Today’s post was shared by the U.S. Labor Department and comes from blog.dol.gov It was written by Dr. David Michaels, who is the assistant secretary of labor for occupational safety and health.
Although there has been some social-media coverage, this has been my first opportunity to read this particular summary. By clicking through to the OSHA report (where it says “we published a report of our evaluation”) and reading the eight-page document titled “Year One of OSHA’s Severe Injury Reporting Program: An Impact Evaluation” a person will gain some really helpful perspective and context for determining how effective this change in reporting “severe work-related injuries, including 7,363 hospitalizations and 2,644 amputations,” according to the report itself, was.
The graphic that breaks down hospitalizations, and the graphic in the larger report that breaks down amputations, are really interesting reading just by themselves.
“Our two main goals for the new reporting requirement were to engage more employers in identifying and eliminating serious hazards themselves, and to allow us to better target our enforcement and compliance assistance efforts to places where workers are most at risk. After reviewing the field reports and associated data, we are confident that both goals are being met,” Michaels said in the blog post.
He also writes about how OSHA is now “more likely to cite for non-reporting, and we have increase the maximum penalty for not reporting a severe injury from $2,000 to $7,000.”
Although lawyers often use the results of an OSHA investigation to help a client’s case, an injured worker frequently has a workers’ compensation case whether there is an OSHA investigation or not. So please contact an experienced workers’ compensation lawyer to talk over the details of the situation that a loved one or you are in regarding a work injury or death. Have a safe, productive day.

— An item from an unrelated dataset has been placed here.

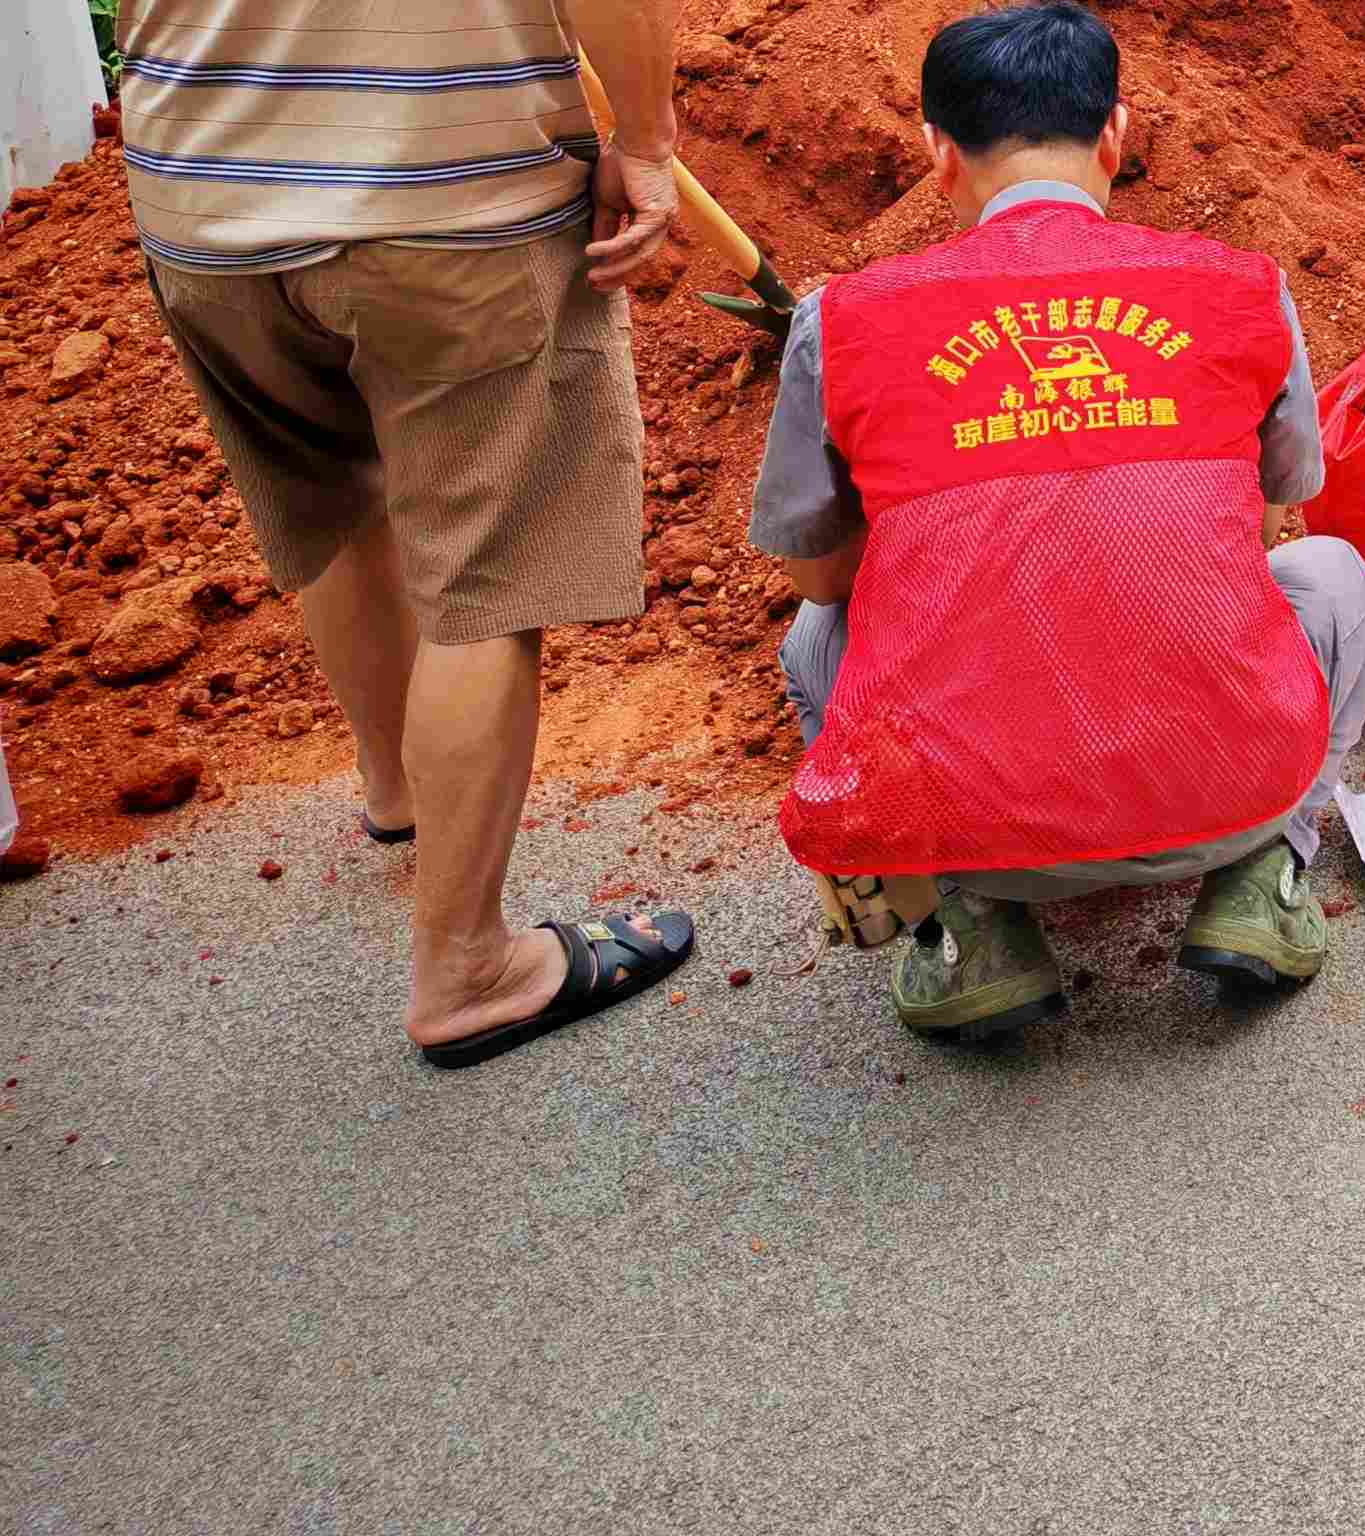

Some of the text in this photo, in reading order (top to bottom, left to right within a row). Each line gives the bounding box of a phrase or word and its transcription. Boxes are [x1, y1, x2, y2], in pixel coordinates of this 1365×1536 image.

[925, 296, 1194, 386] 海口市老干部志愿服务者
[999, 372, 1131, 410] 南海银辉
[951, 397, 1180, 450] 琼崖初心正能量

In January 2015, we started requiring employers to report any work-related severe injury – such as an amputation or an injury requiring hospitalization – within 24 hours. In the first year, we received 10,388 reports, or nearly 30 a day.
Each report told the story of a man or woman who went to work one day and experienced a traumatic event, sometimes with permanent consequences to themselves and their families. But the reports also created opportunities for OSHA to engage with employers in ways we had never done before, and to ensure that changes were made to prevent similar incidents from happening to others.

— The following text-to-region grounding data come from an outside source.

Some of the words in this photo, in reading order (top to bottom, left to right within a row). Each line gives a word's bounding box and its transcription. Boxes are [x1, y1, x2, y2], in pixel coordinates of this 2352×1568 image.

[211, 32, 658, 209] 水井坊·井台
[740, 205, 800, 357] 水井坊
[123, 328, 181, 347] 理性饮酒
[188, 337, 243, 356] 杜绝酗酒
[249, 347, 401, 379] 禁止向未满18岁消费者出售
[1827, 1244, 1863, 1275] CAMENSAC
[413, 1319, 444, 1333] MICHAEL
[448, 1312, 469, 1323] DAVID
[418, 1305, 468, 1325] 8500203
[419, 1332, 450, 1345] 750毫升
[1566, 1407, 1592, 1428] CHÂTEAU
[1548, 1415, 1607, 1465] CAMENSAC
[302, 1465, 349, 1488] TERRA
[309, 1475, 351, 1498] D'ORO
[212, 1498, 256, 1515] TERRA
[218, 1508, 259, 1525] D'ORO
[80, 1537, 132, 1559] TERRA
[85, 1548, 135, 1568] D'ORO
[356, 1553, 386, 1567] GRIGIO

We learned things that surprised us, encouraged us and sometimes disappointed us. Today, we published a report of our evaluation that features stories from our offices around the country and reflects on lessons learned in the first year.
Our two main goals for the new reporting requirement were to engage more employers in identifying and eliminating serious hazards themselves, and to allow us to better target our enforcement and compliance assistance efforts to places where workers are most at risk. After reviewing the field reports and associated data, we are confident that both goals are being met.